En la misma línea discursiva habla el gerente general de la Federación de Centros y Entidades Gremiales de Acopiadores de Cereales, Raúl Dente, quien advierte que “para que haya buenas señales de precio necesitamos mercados con gran volumen y liquidez, dar una vuelta adicional a las opciones y más financiamiento. Sin la participación del sector financiero va a ser muy difícil que los mercados de futuro se puedan  desarrollar”.

Además agrega que, “hay un trabajo enorme por hacer, los operadores y el Estado tenemos que volver a estudiar cómo es la comercialización y a integrar las decisiones en ese aspecto con con las de financiamiento, a saber utilizar los mercados porque son muy importantes. Tenemos instituciones de primera línea, pero hay que ayudar con una presencia orientadora de parte del Estado”.

El agregado de valor como clave

El último punto que decidimos analizar sobre la producción de trigo y todo lo que lo rodea pasa por el agregado de valor. Por lo que se está haciendo y por lo mucho que todavía falta.

“El valor agregado es una utopía si no hay integración con el mundo. Si hay aranceles en Europa y no tenemos un tratado Mercosur-Unión Europea, va a ser difícil que podamos venderle algo con valor agregado. Y para hacerlo se necesitan no sólo políticas activas, sino también políticas de Estado que abran nuevos mercados. El eje central del agregado de valor tiene que ver con la integración al mundo y a los tratados de libre comercio” asegura el empresario Gustavo Grobocopatel.

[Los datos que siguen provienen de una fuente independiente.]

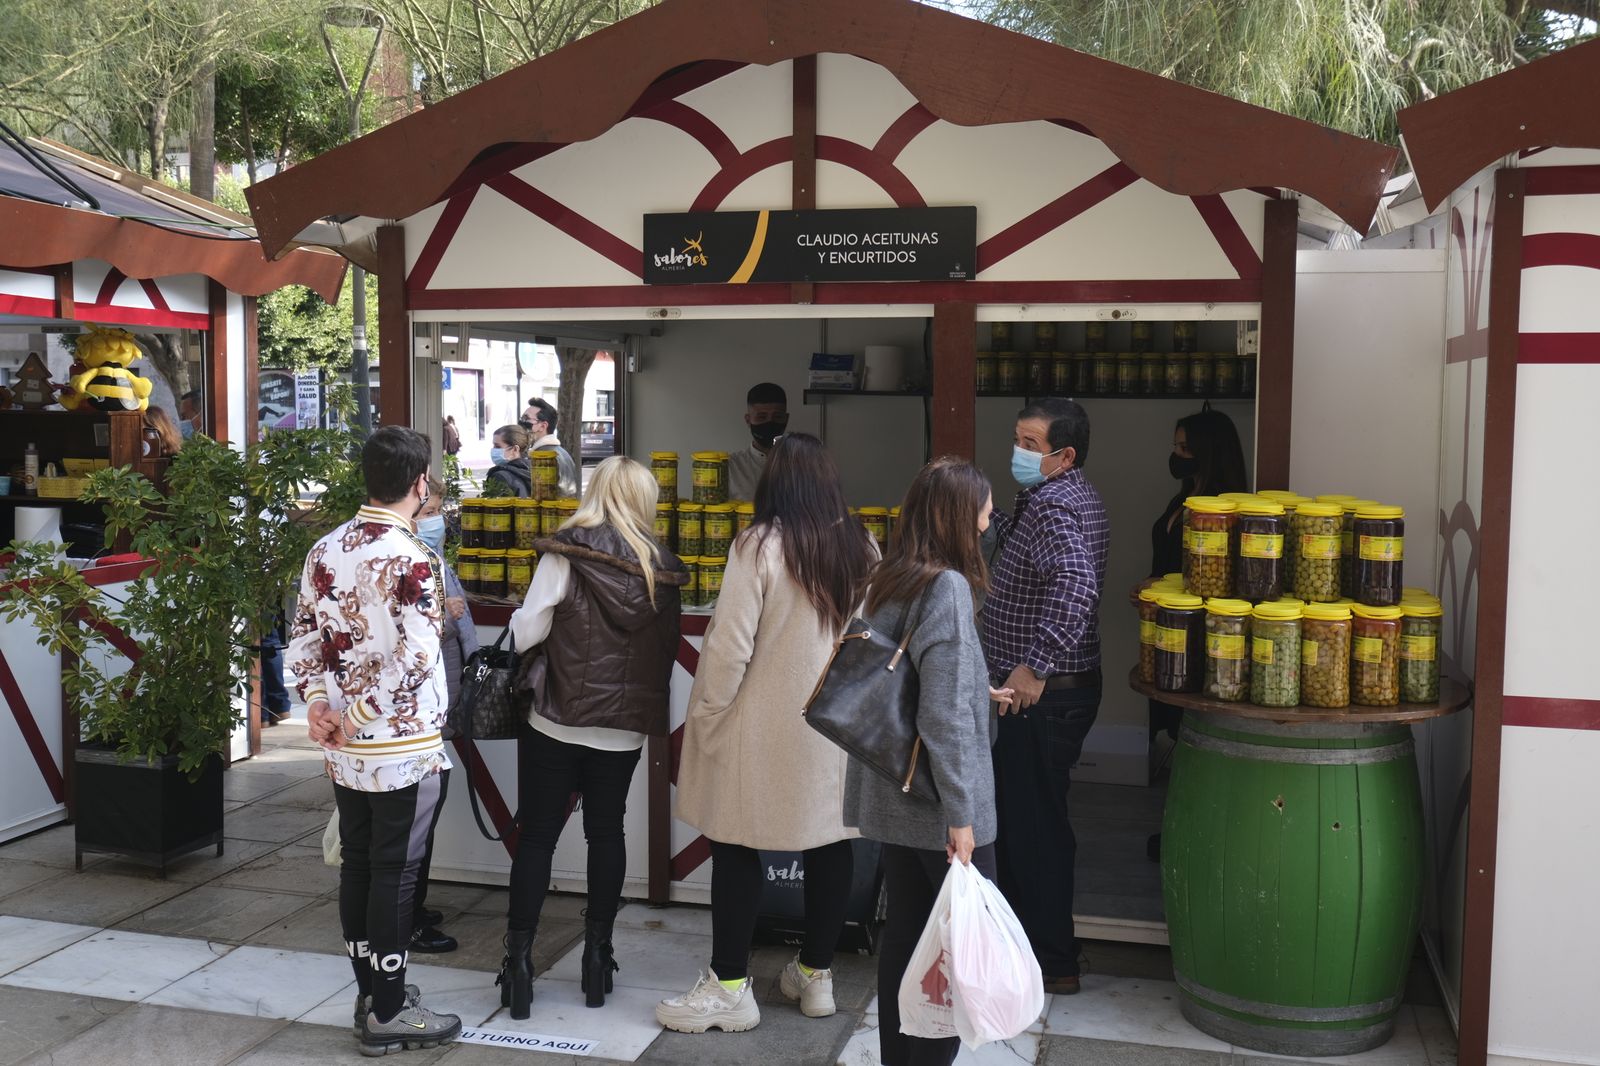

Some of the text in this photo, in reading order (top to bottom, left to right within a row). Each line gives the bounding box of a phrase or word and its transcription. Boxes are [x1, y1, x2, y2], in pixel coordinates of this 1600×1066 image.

Pero cuando habla de agregado de valor, Grobocopatel no sólo se refiere a la relación con el mundo y a lo que le podemos vender, también destaca la industria molinera local y el peso que tiene en el arraigo de los pueblos y en la economía de la Argentina profunda. “La molinera es una industria de los pueblos y hay que tratar que funcione. Pero hay un problema, tenemos el doble de capacidad de molienda de la que deberíamos tener. Y eso se resuelve procesando más, para exportar más”.

Sin lugar a dudas cuando pensamos en agregado de valor podemos concluir en que la agroindustria argentina lo genera en altísimas cantidades y con mucha eficiencia en ciertos sectores. Pero como destaca el consultor Enrique Erize, “el mundo es una fortaleza arancelaria, y se le puede exportar valor agregado, pero antes hay que trabajar mucho”.

Falta un largo camino todavía, mucha agua deberá correr bajo el puente para que la producción triguera argentina esté en el lugar que muchos queremos. Pero resolviendo los interrogantes que aquí nos hemos planteado, trabajando de manera conjunta entre los privados y el Estado, generando condiciones de sustentabilidad económica y agronómica, agregando valor y manejando los mercados, es la manera en que lo vamos a lograr.

Es, posiblemente, la única forma de que podamos sostener una producción como la de la campaña pasada y la que seguramente vamos a tener este año, de manera sostenida y sin que el aluvión triguero sea solamente negocio para algunos pocos y problemas para muchos otros.